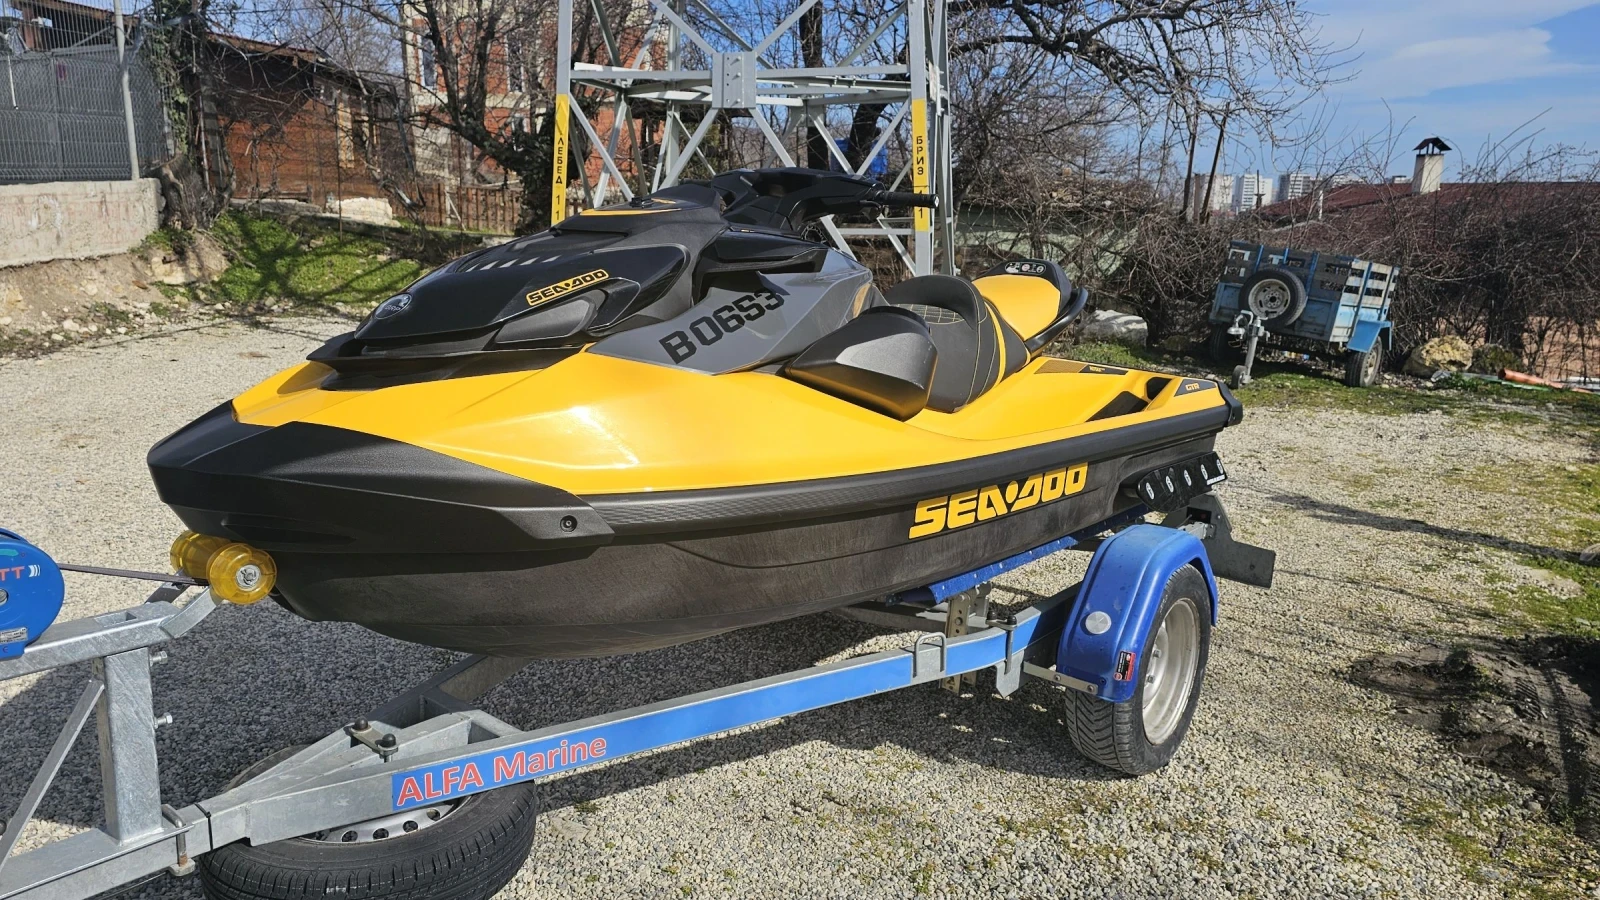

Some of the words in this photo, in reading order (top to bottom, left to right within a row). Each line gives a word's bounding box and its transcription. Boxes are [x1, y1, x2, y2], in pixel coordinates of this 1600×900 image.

[555, 137, 564, 184] ЛЕБЕД
[916, 136, 924, 175] БРИЗ
[396, 762, 484, 807] ALFA
[493, 737, 607, 783] Marine

### [The problem]
Reproduce the listing verbatim, and keep the pictures out of the copy.

### [Answer below]
Some of the words in this photo, in reading order (top to bottom, left to right within a row). Each line gives a word's bounding box and its transcription. Boxes are [x1, y1, x2, y2], in pixel coordinates of this 1600×900 image.

[555, 137, 564, 184] ЛЕБЕД
[916, 136, 924, 175] БРИЗ
[396, 762, 484, 807] ALFA
[493, 737, 607, 783] Marine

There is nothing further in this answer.